I think that no other changes are needed / I think that is is okay to just augment the definition of "opaque-safelisted MIME type". In particular, it should be okay to just apply whatever approach we currently take for image/svg+xml (which is another multimedia type that is XML-based and not sniffable in steps 6 nor 7).

annevk

Yeah, I guess in that case the server would reply with a 200, despite the range request. (I was thinking of only allowing this for media element requests, but that doesn't make a lot of sense.)

Having said that, how do we avoid security issues with all the requests of the URLs listed in the manifest? Can they all be sniffed?
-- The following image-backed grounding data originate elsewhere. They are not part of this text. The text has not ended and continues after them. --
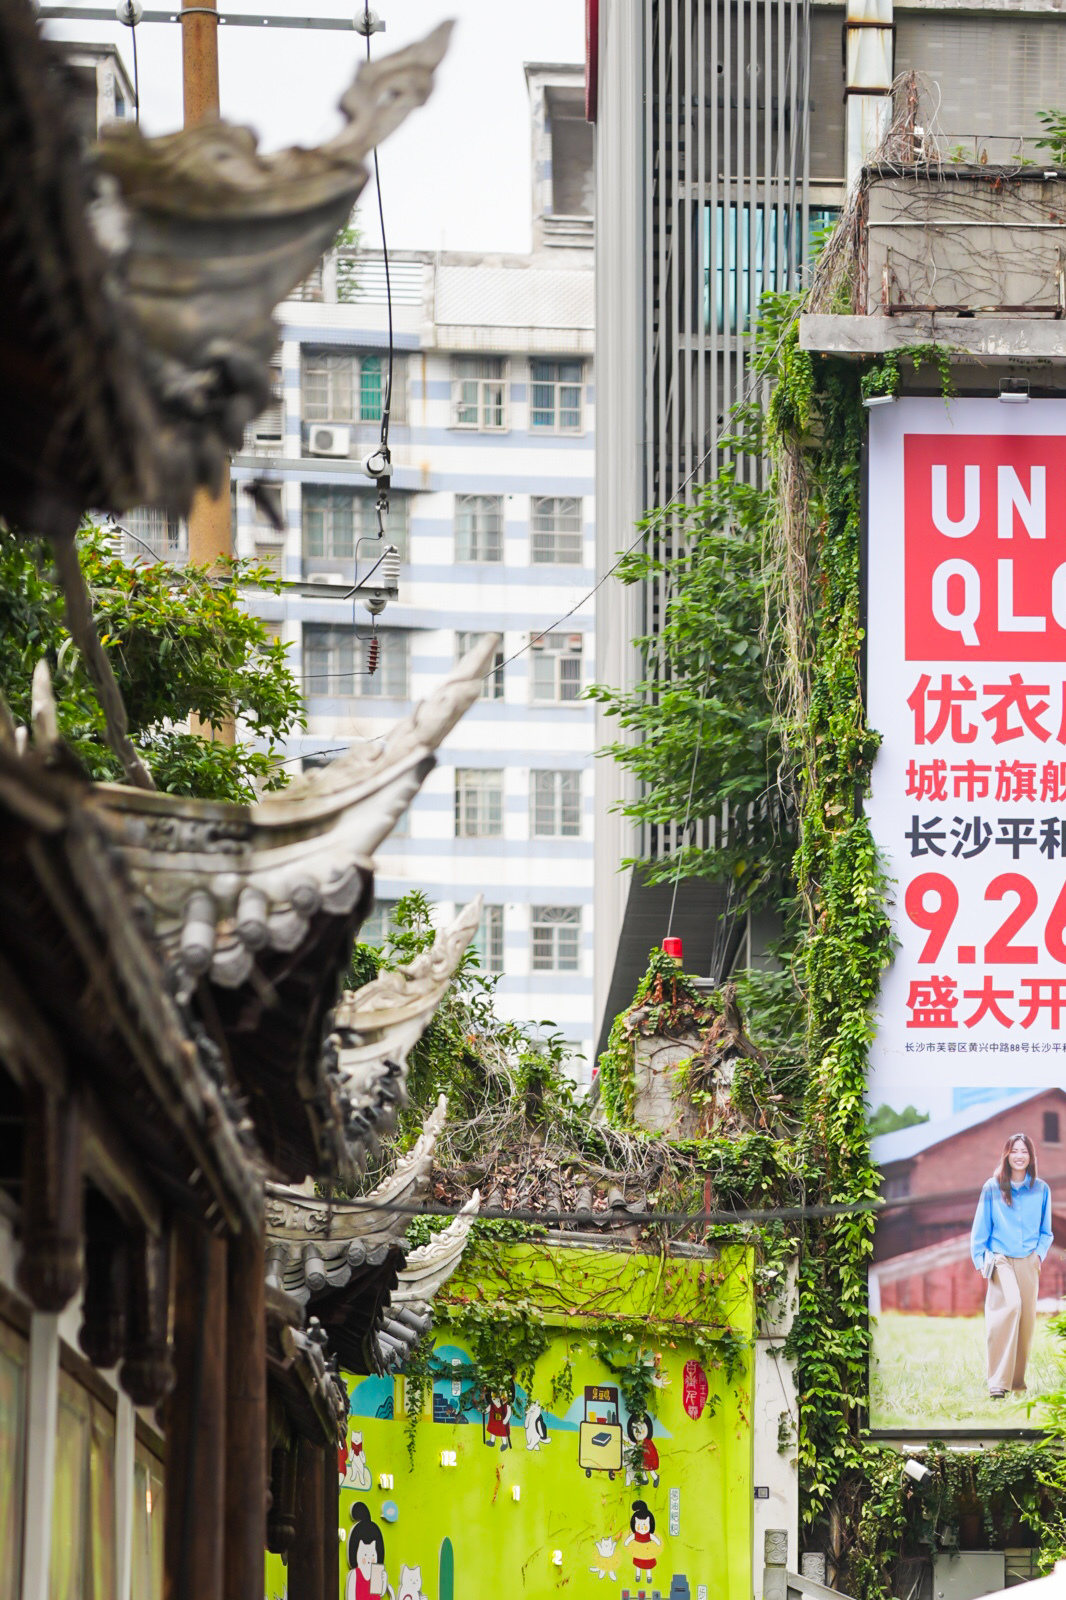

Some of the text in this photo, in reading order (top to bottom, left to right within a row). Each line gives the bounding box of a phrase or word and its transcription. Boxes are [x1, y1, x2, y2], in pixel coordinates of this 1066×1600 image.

[440, 1450, 457, 1467] 12
[379, 1473, 394, 1490] 11
[512, 1485, 520, 1501] 1
[551, 1550, 562, 1565] 2
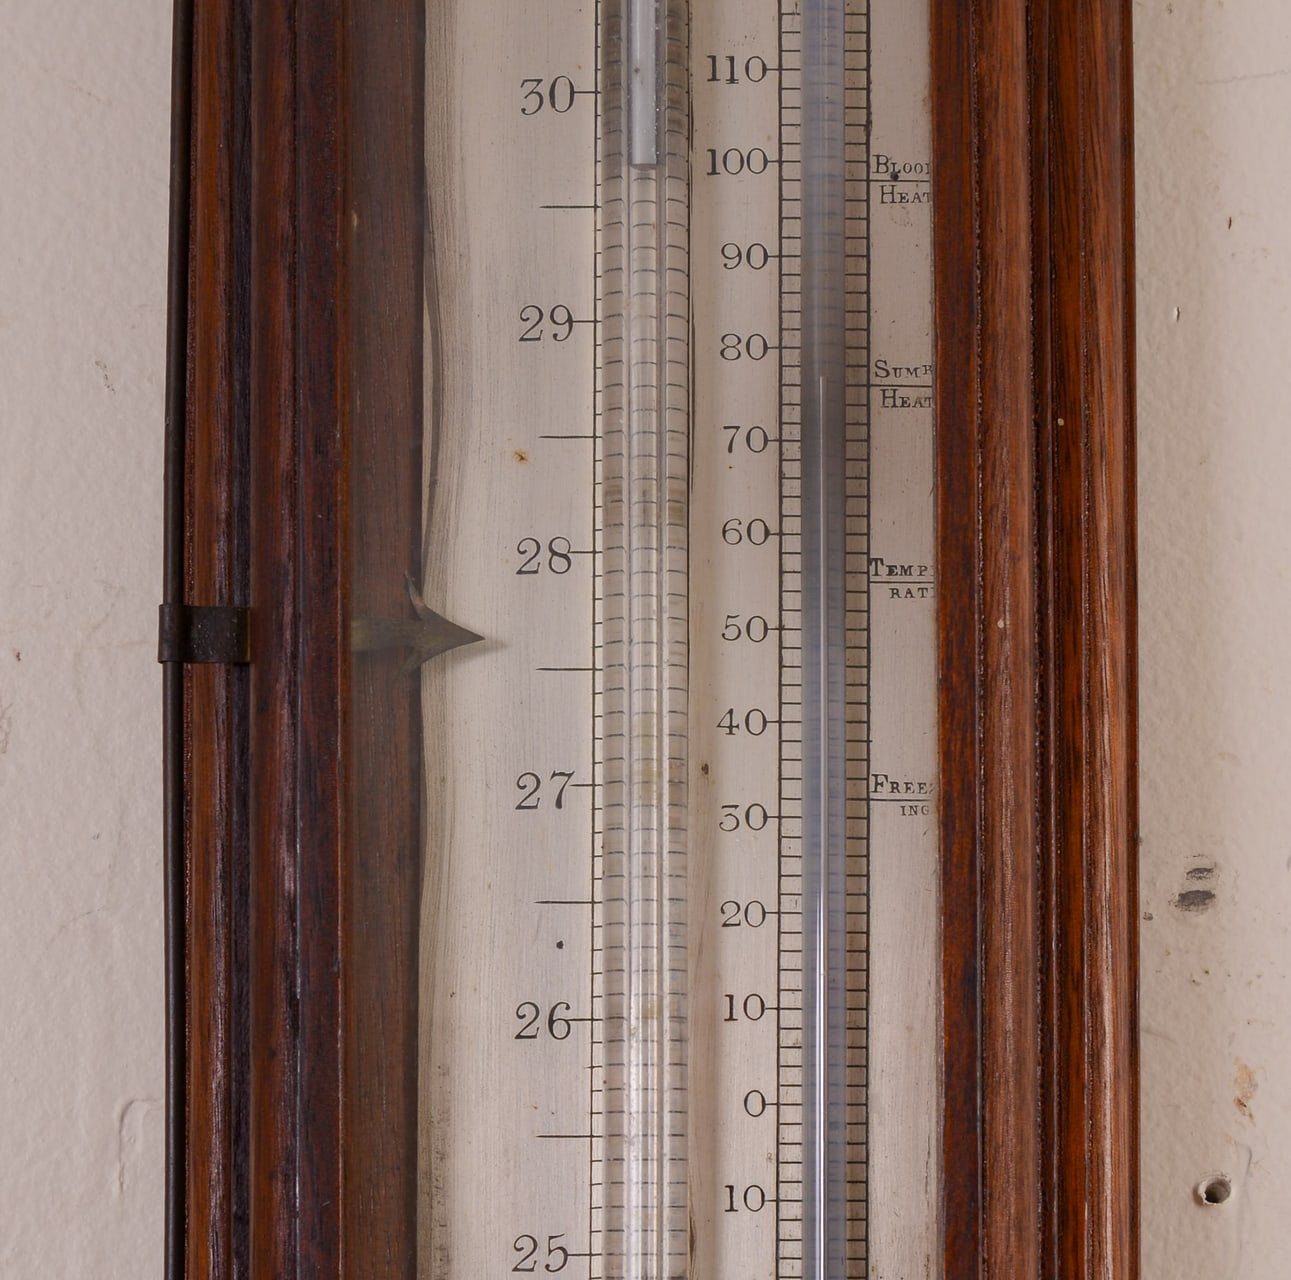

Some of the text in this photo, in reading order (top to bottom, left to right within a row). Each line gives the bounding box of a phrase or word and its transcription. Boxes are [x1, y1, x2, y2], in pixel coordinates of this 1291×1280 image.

[706, 55, 767, 84] 110
[519, 75, 575, 115] 30
[706, 148, 768, 177] 100
[721, 243, 768, 269] 90
[518, 305, 575, 342] 29
[720, 333, 768, 360] 80
[723, 425, 768, 452] 70
[721, 519, 768, 546] 60
[516, 537, 573, 575] 28
[721, 615, 768, 642] 50
[717, 708, 767, 736] 40
[515, 771, 575, 810] 27
[719, 804, 768, 831] 30
[719, 900, 767, 927] 20
[514, 1000, 572, 1041] 26
[723, 994, 766, 1021] 10
[743, 1091, 766, 1117] 0
[723, 1185, 766, 1212] 10
[511, 1234, 569, 1273] 25
dalecurtis · 2021-03-01T17:07:25Z

An application could partially parse a segment and use range requests to get at only the data it needs from the mdat. I don't know how common that behavior is, I agree it sounds like it's of limited utility. I would ask someone from Apple who's more familiar with HLS implementation details.

annevk · 2021-03-01T17:17:04Z

What I'm wondering, is that say we have a manifest that points to a bunch of URLs. How do we determine that these are okay to bypass (C)ORB? Do they have to be same-origin with the manifest?

anforowicz · 2021-03-01T17:45:57Z

[...] we have a manifest that points to a bunch of URLs. How do we determine that these are okay to bypass (C)ORB?

I was assuming that we can just apply the ORB algorithm to the separate, future requests for these URLs. I was assuming that the a regular, no-range request will always be issued first for any of the segments / URLs listed in a DASH manifest.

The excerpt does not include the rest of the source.